To increase your ability to remember, organizing information is key. You already know that your memory works associatively. However, if you store tomatoes in the category vegetable, you might want to rethink your fruits.

Thankfully over time books evolved into well organized tomes of information. Most modern textbooks actually make use of a full array of didactic measures to facilitate learning. Sadly enough, since you are not a professional educator, these measures are often lost on you. Reading the main text is hard enough as it is, right?

The Student Achievement Program SQ3R

Disney’s Dumbo

Even though you think associatively, clustering information will make it easier for you to remember. As you think of an elephant’s snout or massive body, it becomes easier to describe the other parts of this majestic animal, in turn making it easier to recollect any knowledge you possess about elephants in general. But it’s all categorized somewhere around elephant.

Before you read a chapter go back to the index, or table of contents. Here you will find a list of topics that will be covered in the chapter you are about to read. Ask yourself the following questions:

  1. What do I know about the topic I am about to read?
  2. What do I know about the first topic of the chapter?
  3. What do I know about the second topic of the chapter?
The Student Achievement Program SQ3R

An example of a survey-question-doodle…

And write down what you are thinking! Either in a mind map create a short overview per topic of the knowledge you can connect it to, or scribble some notes; but be involved!

Why? There are two reasons. First of all, when you, before you take  in new knowledge, access the existing memories on, or related to, the topic, you are building the connections in your brain. The more frequently you access these memories through these connections, the easier recall becomes. Every attempt counts.

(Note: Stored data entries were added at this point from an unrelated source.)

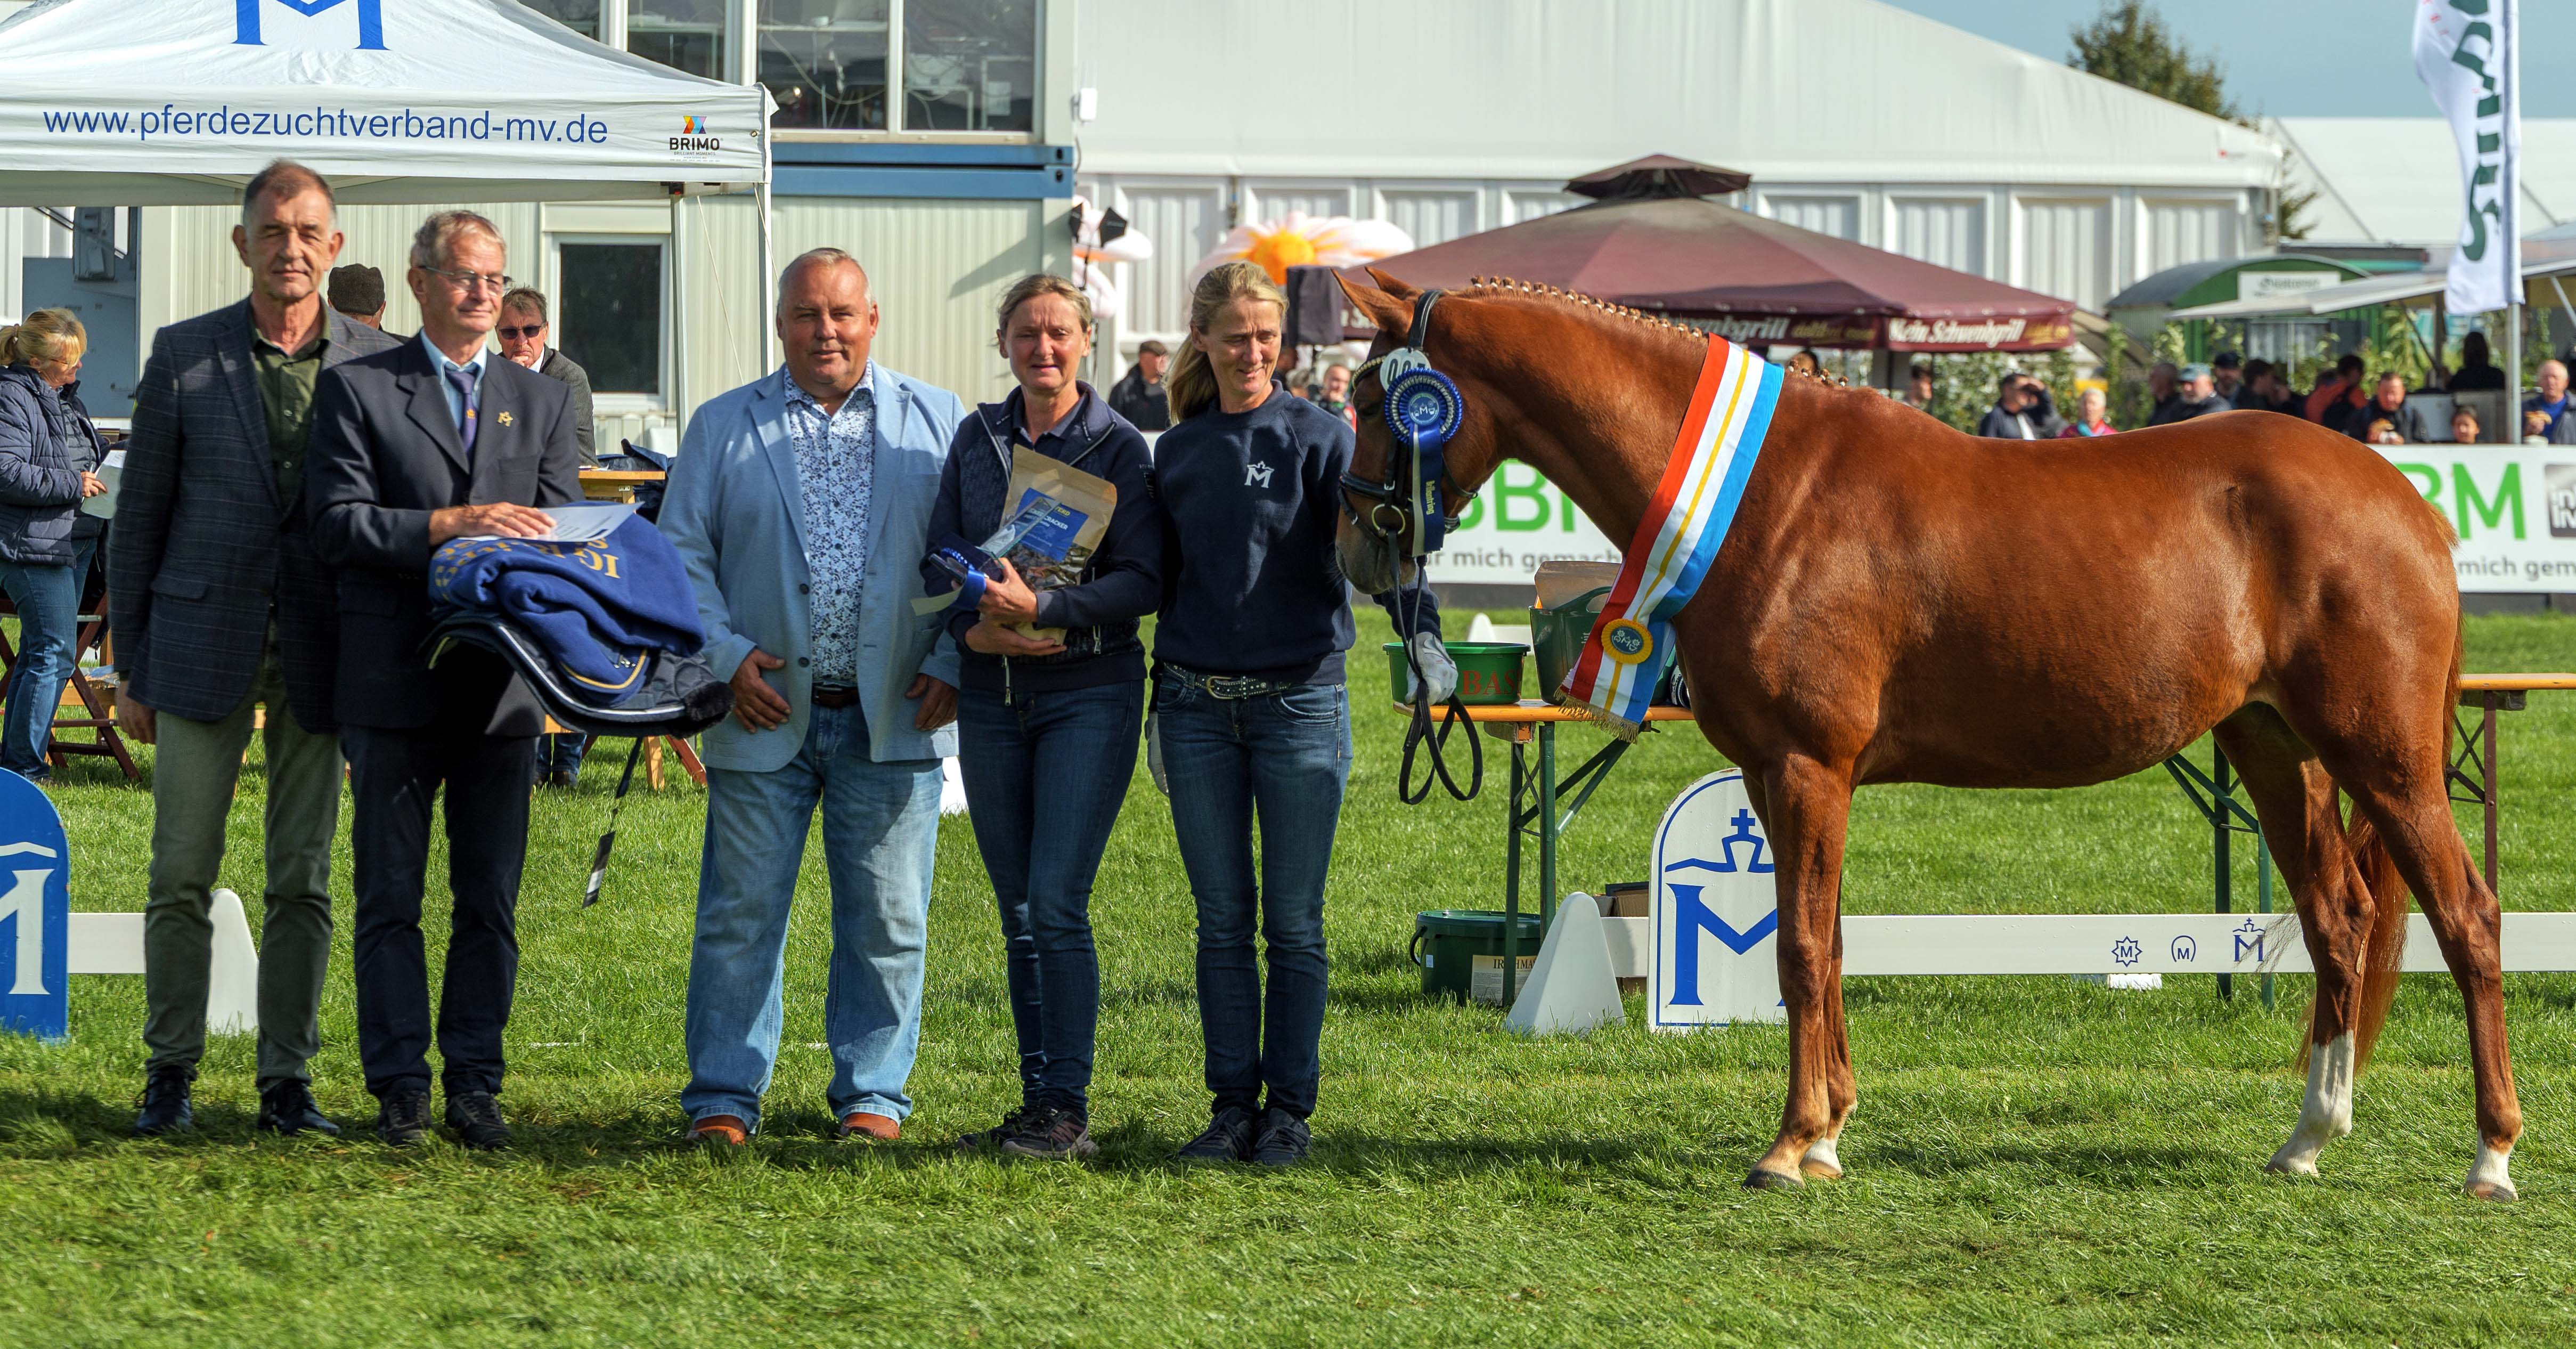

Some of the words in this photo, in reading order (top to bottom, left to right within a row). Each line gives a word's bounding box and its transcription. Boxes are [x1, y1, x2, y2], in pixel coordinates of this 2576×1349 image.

[44, 104, 608, 144] www.pferdezuchtverband-mv.de
[670, 137, 720, 151] BRIMO
[1453, 548, 1513, 567] mich
[2458, 555, 2517, 576] mich
[2120, 946, 2133, 957] M
[2177, 947, 2190, 960] M

Second, you immediately start organizing this new within the relevant memories. When roaming about a certain topic in your mind, you increase the likeliness of you stumbling upon the association you are looking for. This puts making the connection in a different light, doesn’t it.  

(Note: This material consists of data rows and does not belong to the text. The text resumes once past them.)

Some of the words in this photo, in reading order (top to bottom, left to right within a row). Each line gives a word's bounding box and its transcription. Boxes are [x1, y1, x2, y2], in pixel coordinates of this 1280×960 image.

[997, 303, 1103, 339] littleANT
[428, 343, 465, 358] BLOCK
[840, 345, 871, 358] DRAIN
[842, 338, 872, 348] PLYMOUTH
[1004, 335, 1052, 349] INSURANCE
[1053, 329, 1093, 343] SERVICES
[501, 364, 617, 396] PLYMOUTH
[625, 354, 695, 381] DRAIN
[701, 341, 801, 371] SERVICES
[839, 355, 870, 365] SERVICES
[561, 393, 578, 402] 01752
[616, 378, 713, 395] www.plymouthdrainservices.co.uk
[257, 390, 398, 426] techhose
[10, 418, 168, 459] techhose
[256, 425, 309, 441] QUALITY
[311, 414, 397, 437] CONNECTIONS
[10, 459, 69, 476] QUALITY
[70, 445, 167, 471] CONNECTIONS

Comprehensive reading. Now the reading starts. With the topic outline in mind, begin reading the text, sticking to the important topics and their context. Where you can, copy the key terms and their descriptors, while placing them in the context of the main topic. Can you do this? If this is hard, it means that you are constructing, through your effort, the frame of reference upon which you can build more knowledge.

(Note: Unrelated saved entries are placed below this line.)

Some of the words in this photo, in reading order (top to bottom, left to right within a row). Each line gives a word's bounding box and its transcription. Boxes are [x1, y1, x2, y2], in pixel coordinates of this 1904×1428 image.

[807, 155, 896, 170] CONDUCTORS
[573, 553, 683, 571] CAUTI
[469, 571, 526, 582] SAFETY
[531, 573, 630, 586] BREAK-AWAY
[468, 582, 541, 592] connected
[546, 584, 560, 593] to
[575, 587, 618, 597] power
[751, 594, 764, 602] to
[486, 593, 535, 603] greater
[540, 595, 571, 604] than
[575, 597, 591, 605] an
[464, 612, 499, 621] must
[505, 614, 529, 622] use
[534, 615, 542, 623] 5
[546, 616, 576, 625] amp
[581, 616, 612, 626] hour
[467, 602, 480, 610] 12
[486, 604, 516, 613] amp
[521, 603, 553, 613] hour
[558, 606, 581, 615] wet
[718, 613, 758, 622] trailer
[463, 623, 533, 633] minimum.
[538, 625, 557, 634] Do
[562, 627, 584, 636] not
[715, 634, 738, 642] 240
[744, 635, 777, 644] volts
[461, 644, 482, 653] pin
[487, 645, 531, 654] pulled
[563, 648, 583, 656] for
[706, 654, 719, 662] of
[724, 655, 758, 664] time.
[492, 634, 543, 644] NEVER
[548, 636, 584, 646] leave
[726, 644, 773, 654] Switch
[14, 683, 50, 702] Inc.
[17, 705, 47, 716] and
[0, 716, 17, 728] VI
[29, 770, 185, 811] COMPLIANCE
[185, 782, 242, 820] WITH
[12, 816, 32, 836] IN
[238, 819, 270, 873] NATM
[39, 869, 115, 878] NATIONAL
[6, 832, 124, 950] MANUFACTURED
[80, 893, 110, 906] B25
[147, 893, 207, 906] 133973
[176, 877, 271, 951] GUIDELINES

The Student Achievement Program SQ3RIf the learning is difficult, it does not mean that you are not intelligent; rather it means that you are stretching your intelligence, growing in your ability to comprehend and use this new information.

Our brain has the ability to easily recognize and organize known constructs; new concepts need to be formed and categorized. The latter takes time and energy – that is why you may feel very tired after reading just one page of neuroscience-related articles when your field of study is sports management.

By asking yourself questions while you read and paraphrasing the material, either in mind maps or notes, you engage your brain in the material.

You are almost there! When you have completed a paragraph, or a chapter read back your notes to yourself. You may do this out loud – it is called recite for a reason. Can you answer the questions you posed to yourself when you began reading? What do you remember? Which elements do you forget? Can you think of a way to connect these elements to what you do remember?

In the end, over time you can review your notes. When you start of by answering the questions you had at the onset, you immediately move from passively reviewing to actively searching your brain for what you remember about the material.

Reviewing get’s easier over time, and as the new becomes a part of your framework, you enable yourself to learn new, more complex concepts based on these fundamentals even faster. By putting in the effort in when you start with chapter one, you make comprehension of chapter eight easier.

So, Survey, Question, Read, Recite and Review. SQ3R. Give it a try – it works. Science fact.